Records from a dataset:
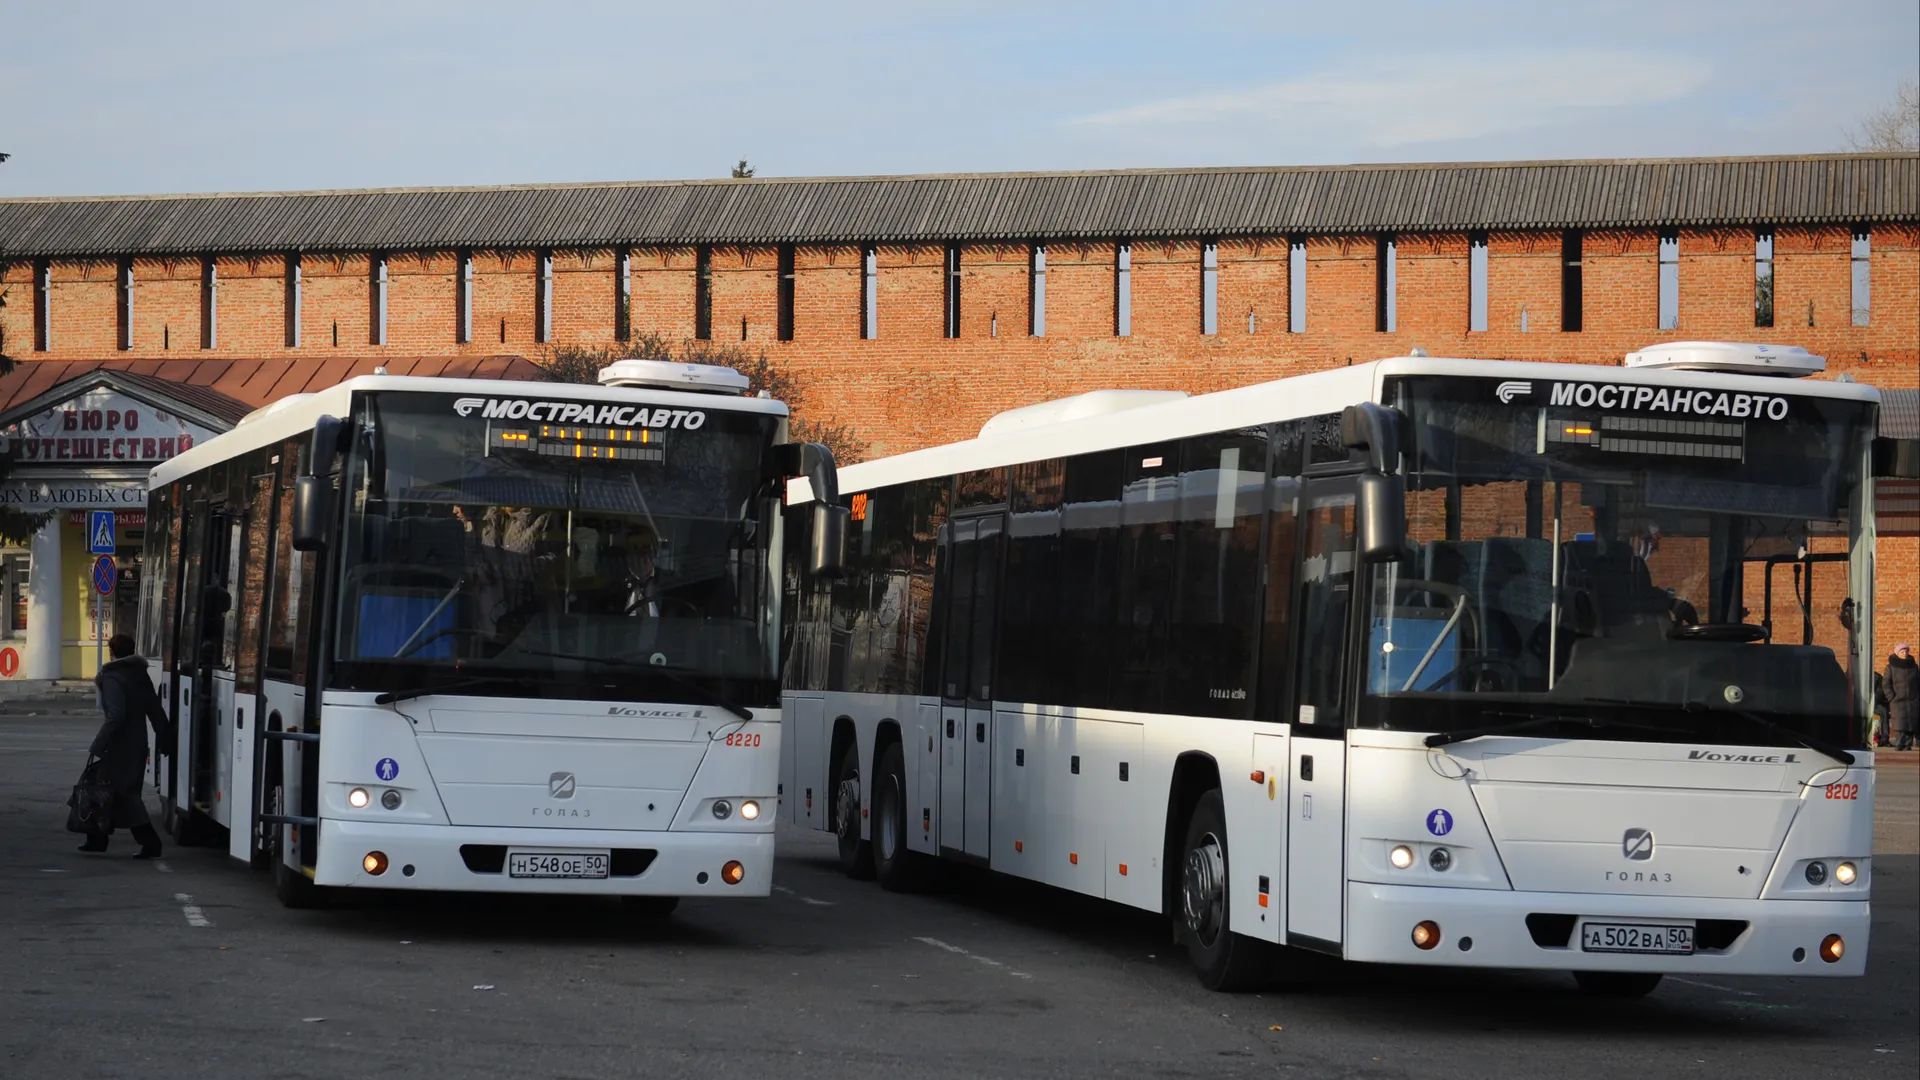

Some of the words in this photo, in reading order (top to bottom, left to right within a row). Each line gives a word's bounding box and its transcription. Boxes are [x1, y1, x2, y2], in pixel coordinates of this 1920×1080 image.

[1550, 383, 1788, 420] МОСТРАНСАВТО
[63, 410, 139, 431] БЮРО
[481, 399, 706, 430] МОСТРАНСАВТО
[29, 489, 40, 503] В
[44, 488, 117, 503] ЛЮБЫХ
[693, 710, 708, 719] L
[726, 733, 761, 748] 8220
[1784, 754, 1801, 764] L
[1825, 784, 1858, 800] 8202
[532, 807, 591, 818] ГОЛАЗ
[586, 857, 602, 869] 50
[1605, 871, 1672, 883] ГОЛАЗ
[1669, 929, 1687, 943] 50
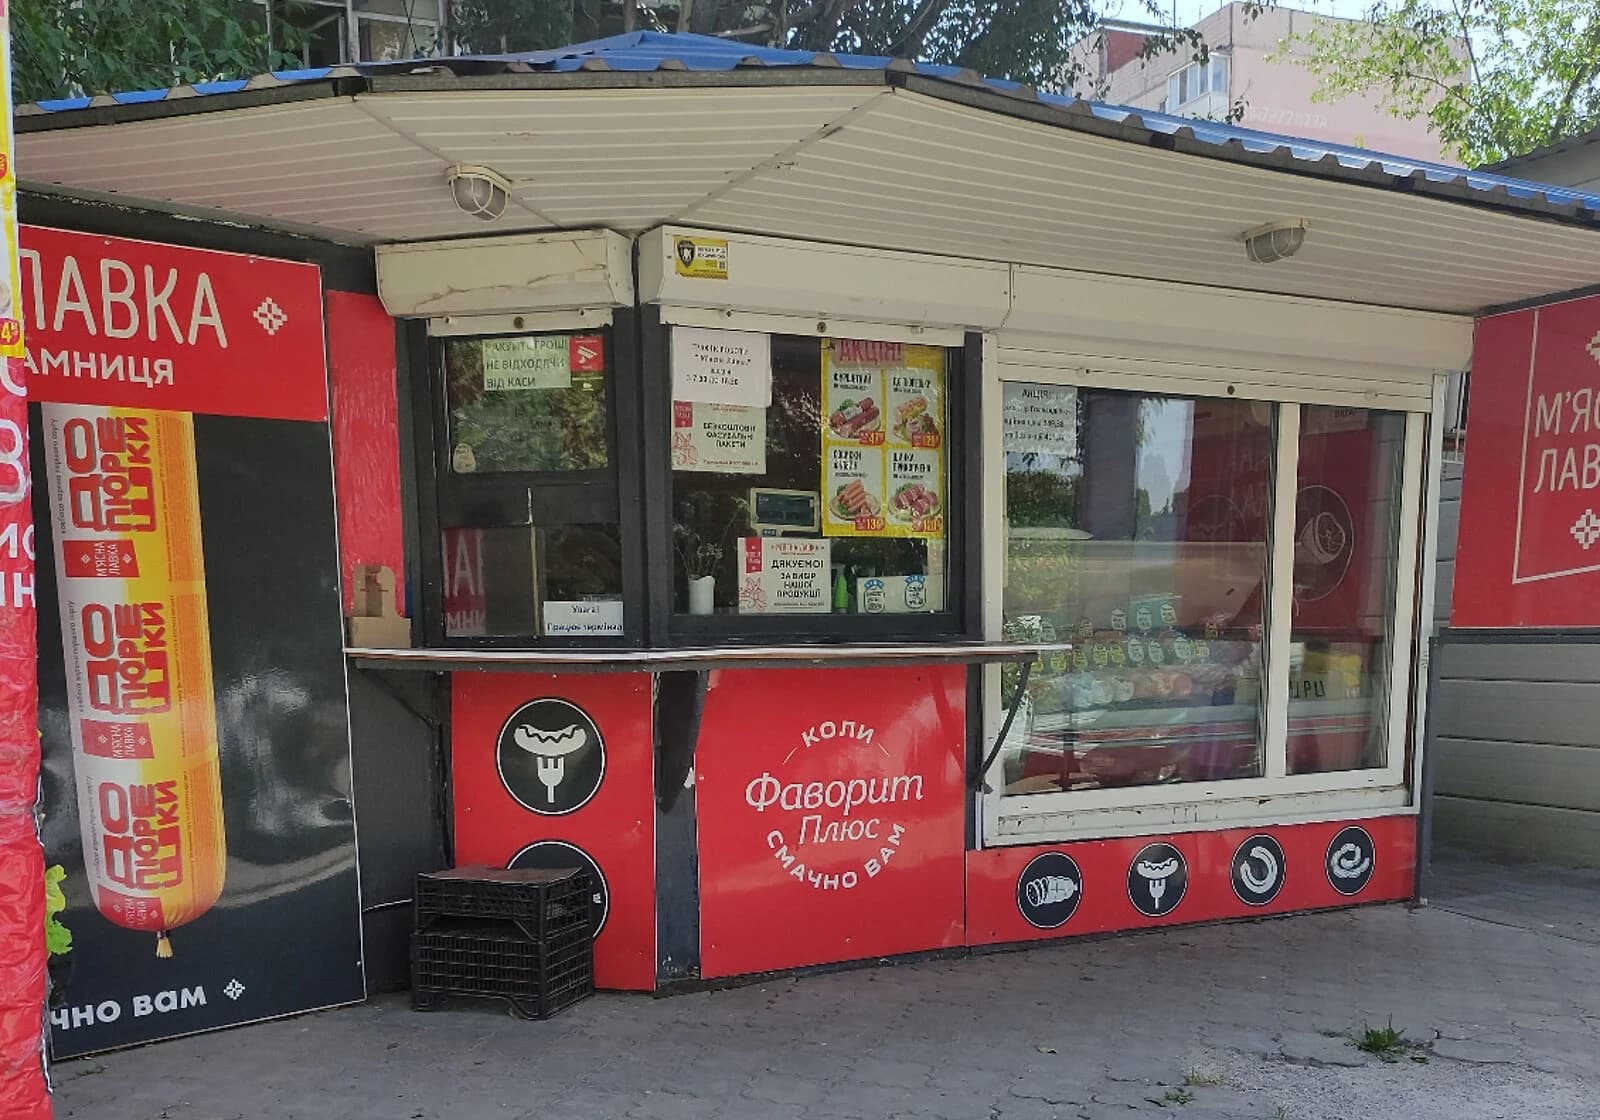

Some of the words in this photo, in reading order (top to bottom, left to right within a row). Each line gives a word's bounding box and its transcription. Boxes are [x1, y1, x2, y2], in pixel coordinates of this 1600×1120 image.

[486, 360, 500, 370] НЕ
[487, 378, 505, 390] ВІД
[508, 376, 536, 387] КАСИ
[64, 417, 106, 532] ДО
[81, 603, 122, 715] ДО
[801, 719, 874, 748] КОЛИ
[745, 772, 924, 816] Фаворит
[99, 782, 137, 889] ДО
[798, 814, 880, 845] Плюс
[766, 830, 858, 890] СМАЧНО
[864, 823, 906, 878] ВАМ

WHAT NEEDS TO BE DONE: Could you reproduce the entries verbatim, leaving out all pictures?

SOLUTION:
Some of the words in this photo, in reading order (top to bottom, left to right within a row). Each line gives a word's bounding box and its transcription. Boxes are [x1, y1, x2, y2], in pixel coordinates of this 1920×1080 image.

[1550, 383, 1788, 420] МОСТРАНСАВТО
[63, 410, 139, 431] БЮРО
[481, 399, 706, 430] МОСТРАНСАВТО
[29, 489, 40, 503] В
[44, 488, 117, 503] ЛЮБЫХ
[693, 710, 708, 719] L
[726, 733, 761, 748] 8220
[1784, 754, 1801, 764] L
[1825, 784, 1858, 800] 8202
[532, 807, 591, 818] ГОЛАЗ
[586, 857, 602, 869] 50
[1605, 871, 1672, 883] ГОЛАЗ
[1669, 929, 1687, 943] 50

Some of the words in this photo, in reading order (top to bottom, left to right within a row). Each line gives a word's bounding box and its transcription. Boxes are [x1, y1, x2, y2], in pixel coordinates of this 1600×1120 image.

[486, 360, 500, 370] НЕ
[487, 378, 505, 390] ВІД
[508, 376, 536, 387] КАСИ
[64, 417, 106, 532] ДО
[81, 603, 122, 715] ДО
[801, 719, 874, 748] КОЛИ
[745, 772, 924, 816] Фаворит
[99, 782, 137, 889] ДО
[798, 814, 880, 845] Плюс
[766, 830, 858, 890] СМАЧНО
[864, 823, 906, 878] ВАМ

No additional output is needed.